Le message macroéconomique le plus clair est que les décideurs politiques et les entreprises passent de la réponse à la crise à la gestion des perturbations. Au Royaume-Uni, les ministres souhaitent que les compagnies aériennes puissent annuler leurs vols plus tôt en cas de pénurie de carburant liée aux approvisionnements au Moyen-Orient, dans le but de réduire le chaos de dernière minute pour les passagers pendant la saison estivale.
Cette focalisation sur le risque lié au carburant s’accompagne d’un signal plus rassurant de la part de l’organisme britannique de surveillance de la concurrence, qui a déclaré n’avoir trouvé aucune preuve d’abus généralisés sur les prix du carburant et que les marges bénéficiaires étaient globalement inchangées entre février et mars. Néanmoins, la nécessité d’une planification d’urgence souligne la rapidité avec laquelle les chocs externes en matière d’énergie et de transport peuvent encore se répercuter sur les coûts et l’activité des consommateurs.

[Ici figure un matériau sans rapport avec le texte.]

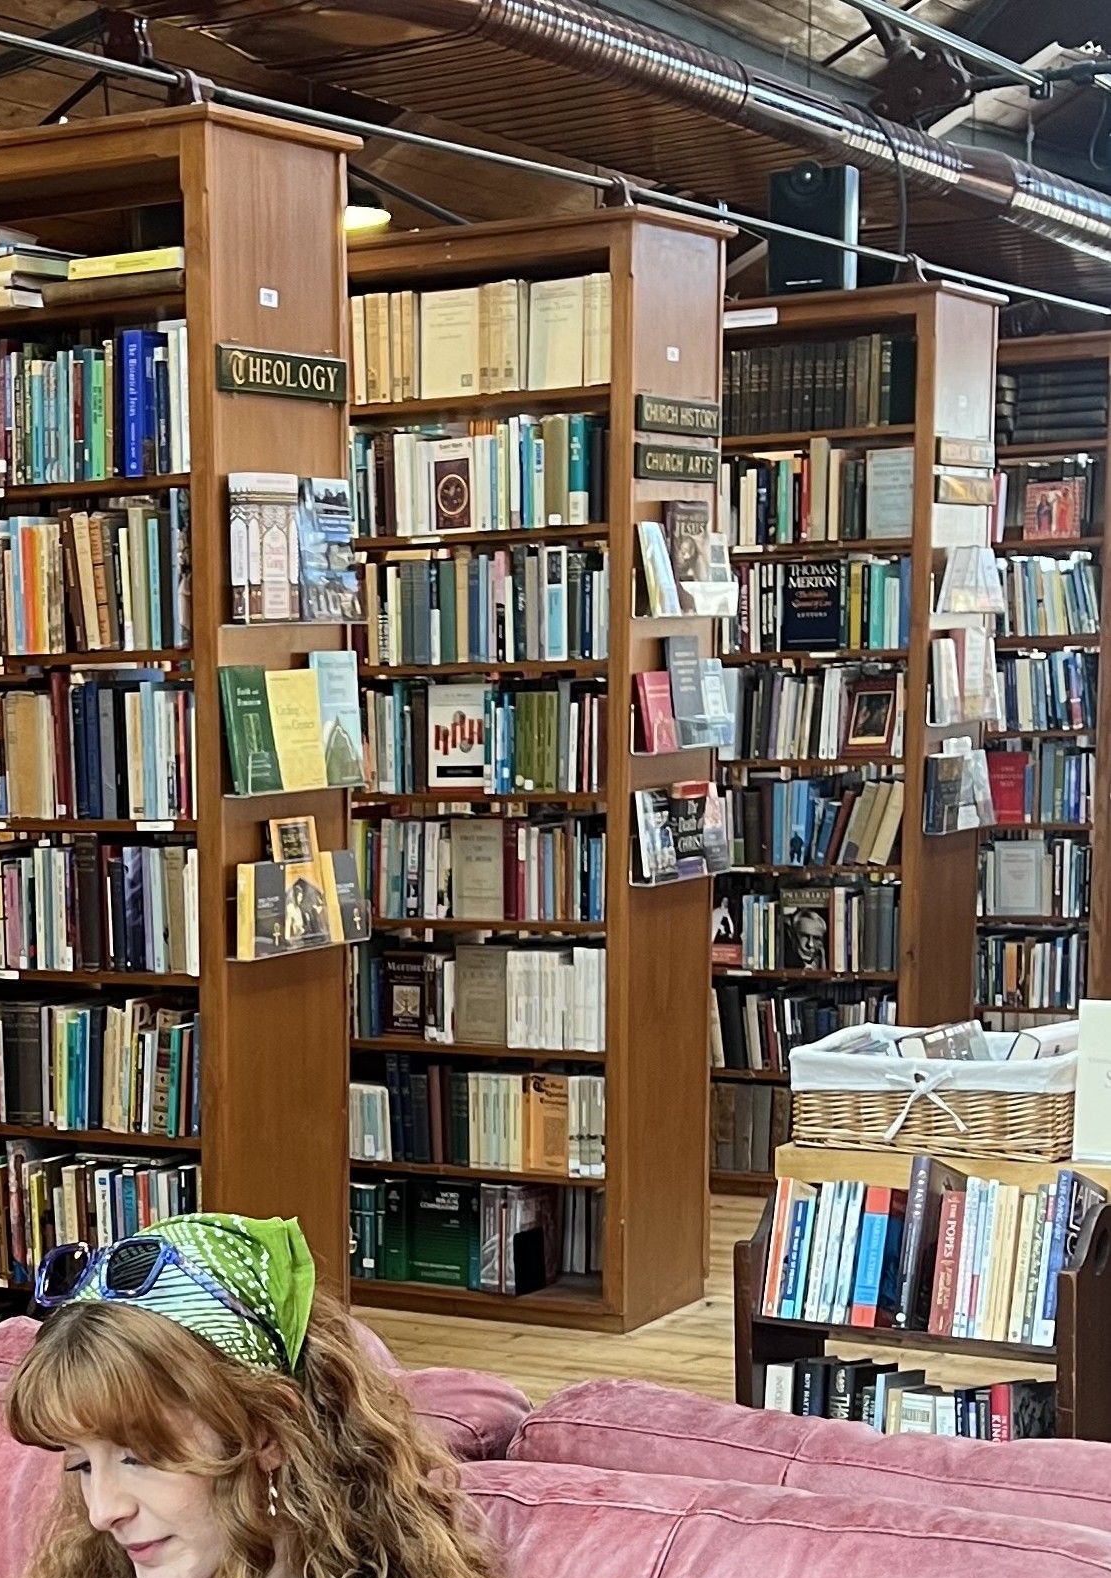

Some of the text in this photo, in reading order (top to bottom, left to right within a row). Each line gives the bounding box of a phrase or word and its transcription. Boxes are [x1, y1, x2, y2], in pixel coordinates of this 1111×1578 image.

La pression des ménages reste un deuxième thème majeur. Un rapport de la BBC sur l'abordabilité du logement au Pays de Galles, citant Shelter Cymru, souligne comment même un revenu de 36 000 £ peut laisser les acheteurs potentiels exclus du marché, renforçant ainsi l'effet plus large que les coûts élevés du logement et les loyers élevés exercent sur la mobilité, le pouvoir d'achat et le niveau de vie.

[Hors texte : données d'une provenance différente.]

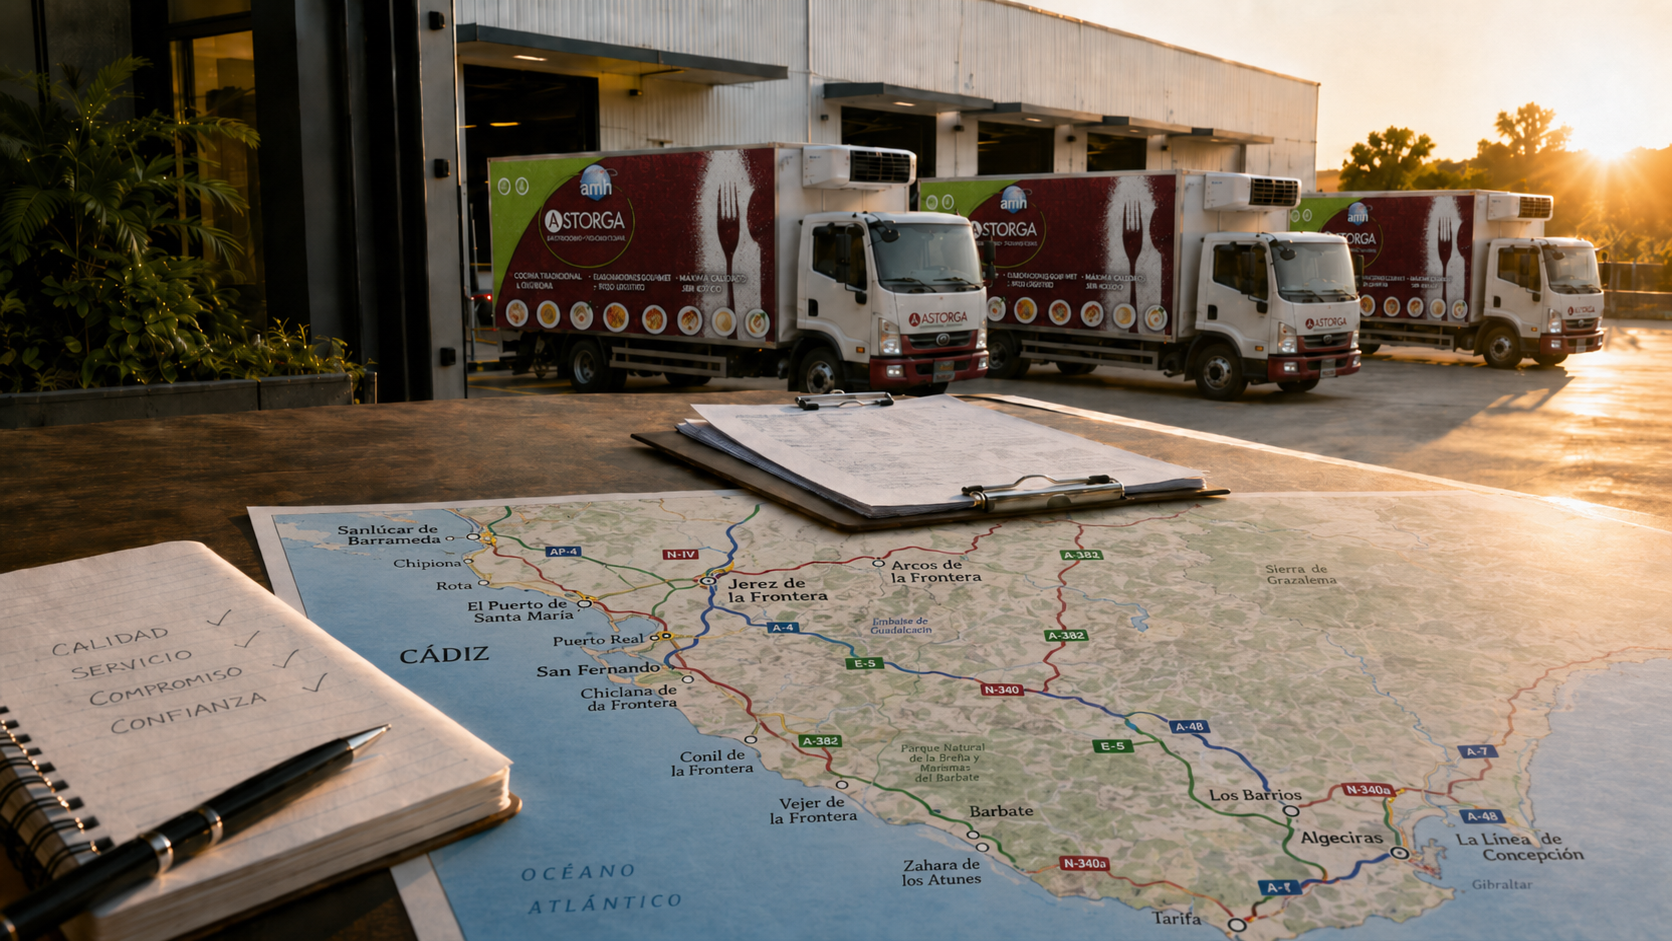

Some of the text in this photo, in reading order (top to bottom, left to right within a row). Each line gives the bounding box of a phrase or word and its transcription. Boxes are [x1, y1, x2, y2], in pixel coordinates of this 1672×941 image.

[580, 180, 612, 196] amh
[545, 210, 625, 233] ASTORGA
[922, 311, 968, 324] ASTORGA
[338, 524, 438, 536] Sanlúcar de
[348, 535, 441, 546] Barrameda
[550, 548, 577, 556] AP-4
[667, 550, 695, 559] N-IV
[394, 558, 462, 571] Chipiona
[892, 560, 962, 570] Arcos de
[1266, 564, 1328, 574] Sierra de
[892, 572, 982, 583] la Frontera
[1267, 576, 1338, 585] Grazalema
[436, 581, 472, 590] Rota
[728, 578, 806, 591] Jerez de
[728, 590, 828, 603] la Frontera
[468, 599, 568, 611] El Puerto de
[474, 610, 574, 623] Santa María
[916, 616, 928, 625] de
[772, 624, 794, 632] A-4
[52, 627, 168, 657] CALIDAD
[553, 634, 644, 647] Puerto Real
[1049, 632, 1086, 640] A-382
[400, 644, 490, 664] CÁDIZ
[71, 650, 192, 680] SERVICIO
[536, 662, 660, 678] San Fernando
[89, 666, 242, 706] COMPROMISO
[581, 684, 677, 699] Chiclana de
[985, 686, 1019, 694] N-340
[588, 698, 678, 712] da Frontera
[110, 692, 267, 734] CONFIANZA
[802, 736, 838, 746] A-382
[1101, 741, 1125, 750] E-5
[901, 743, 985, 754] Parque Natural
[1468, 747, 1487, 756] A-7
[680, 750, 746, 763] Conil de
[910, 754, 922, 762] de
[926, 754, 936, 762] la
[974, 754, 980, 764] y
[671, 763, 754, 777] la Frontera
[915, 773, 980, 782] del Barbate
[1210, 789, 1302, 801] Los Barrios
[1346, 785, 1391, 796] N-340a
[780, 796, 845, 812] Vejer de
[770, 810, 858, 825] la Frontera
[970, 805, 1034, 818] Barbate
[1301, 832, 1384, 848] Algeciras
[1456, 832, 1562, 846] La Línea de
[1483, 848, 1584, 864] Concepción
[903, 858, 980, 872] Zahara de
[1064, 858, 1106, 868] N-340a
[521, 863, 635, 882] OCÉANO
[902, 873, 982, 887] los Atunes
[1472, 878, 1534, 890] Gibraltar
[528, 894, 682, 914] ATLÁNTICO
[1152, 911, 1202, 926] Tarifa
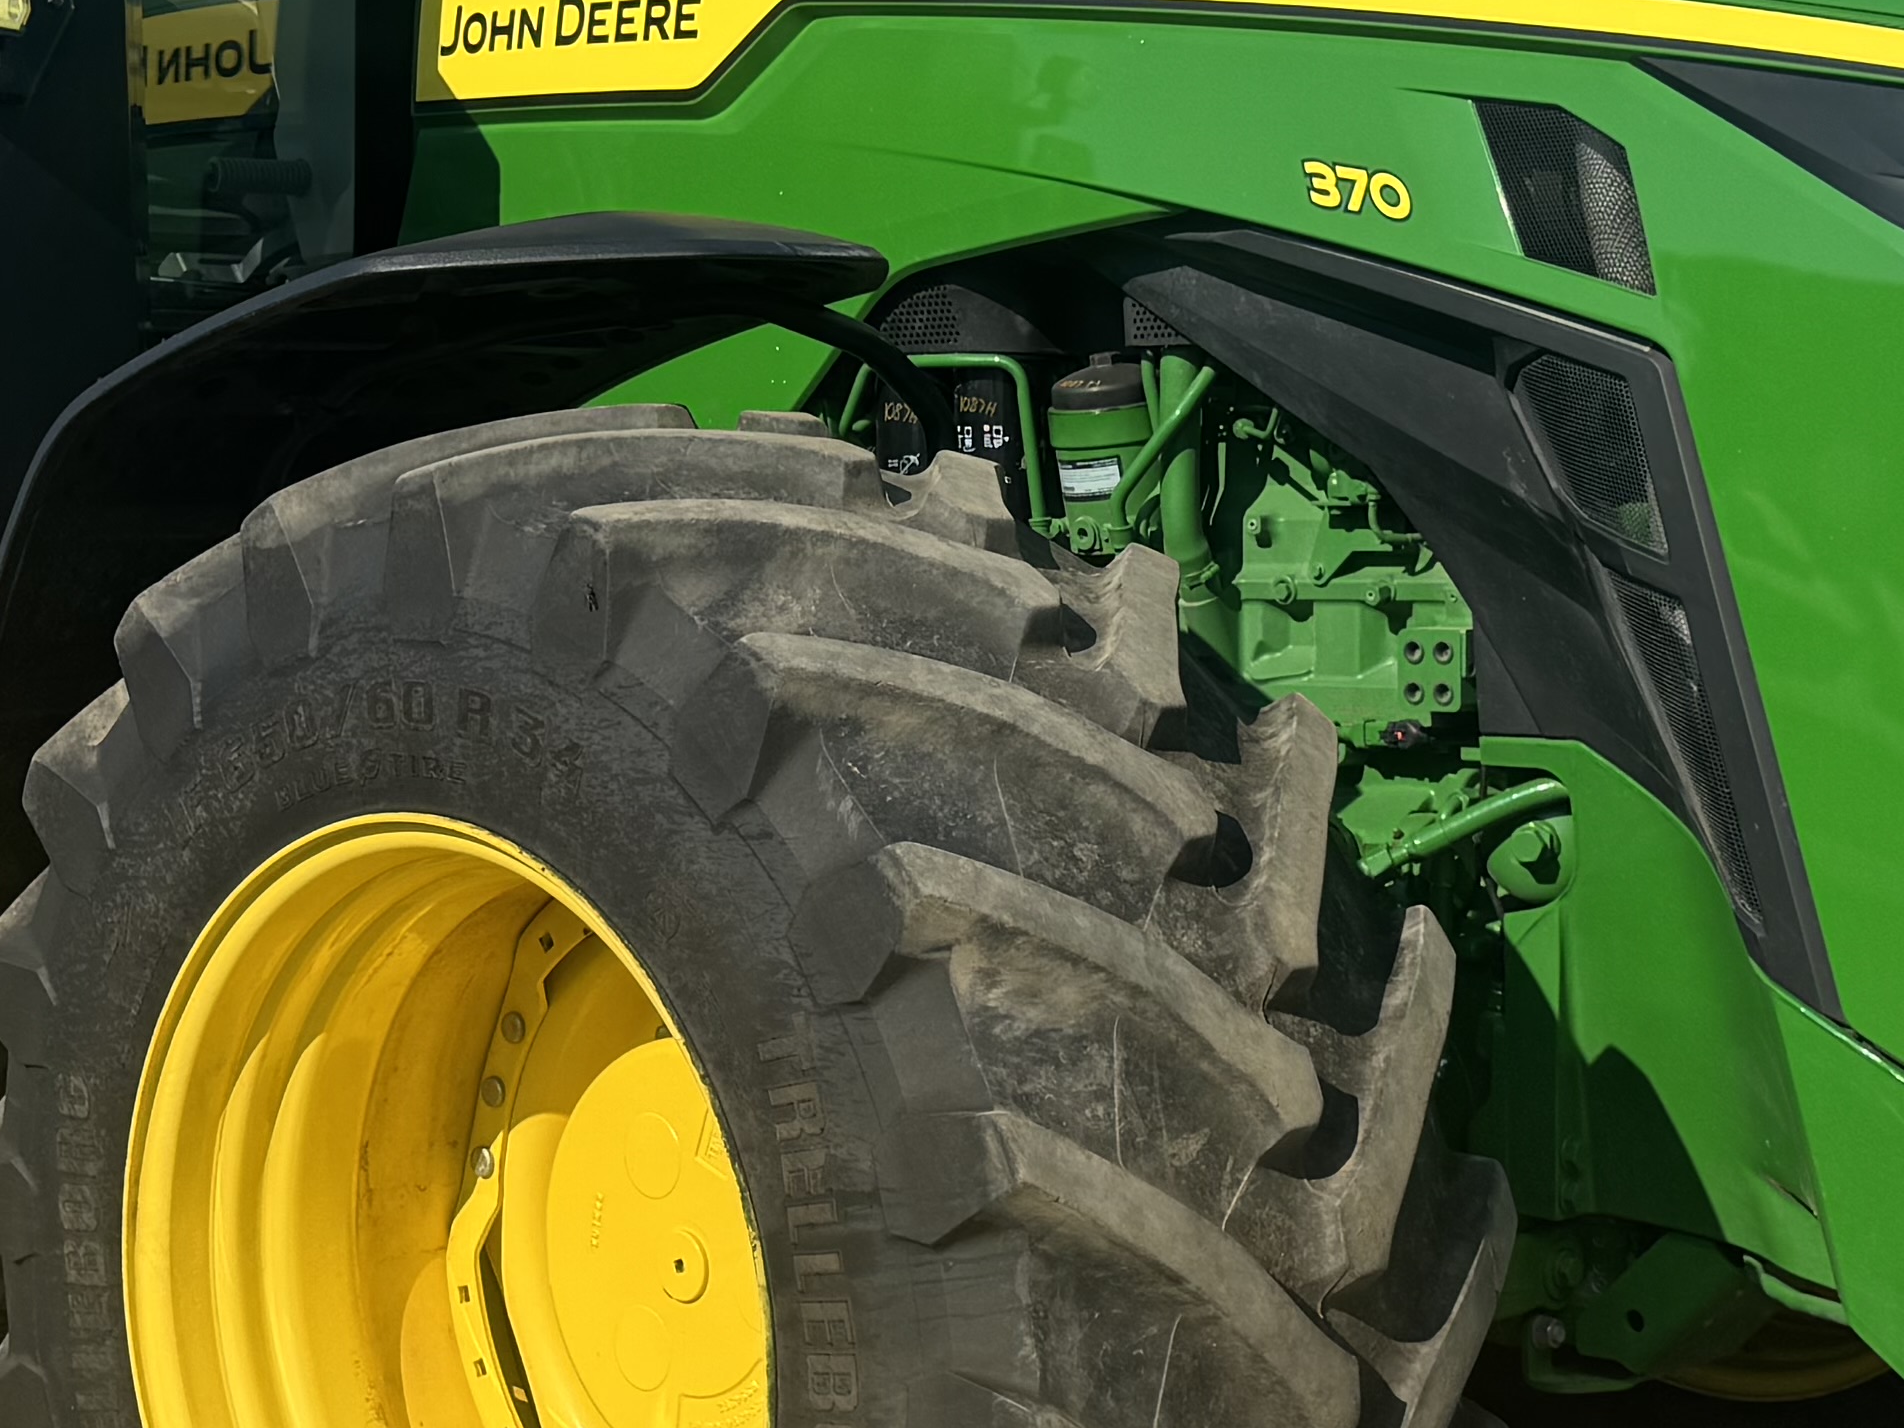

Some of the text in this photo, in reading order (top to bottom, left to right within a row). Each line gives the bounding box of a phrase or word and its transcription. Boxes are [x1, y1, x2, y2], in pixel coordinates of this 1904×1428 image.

Les tensions au sein des entreprises et des services publics sont également visibles. Spirit Airlines ferme ses portes après l'échec des négociations de sauvetage, rappelant que les bilans plus faibles du secteur des transports restent vulnérables alors que les conditions de financement restent serrées, tandis que le président de South East Water a démissionné après un rapport critique et une intervention des députés, attirant davantage l'attention sur la gouvernance et les normes d'investissement dans les infrastructures essentielles.
Les autres risques auxquels sont confrontés les consommateurs n'ont pas disparu non plus, avec le rappel des jouets Crayola en raison d'une éventuelle contamination à l'amiante. Pour la croissance et les marchés, le résultat global est que l’Europe reste confrontée à une combinaison difficile : les risques d’approvisionnement peuvent perturber l’activité, les tensions en matière d’accessibilité financière peuvent limiter la demande, et la pression réglementaire sur les services publics et les services de base peut influencer les investissements, les prix et les attentes politiques.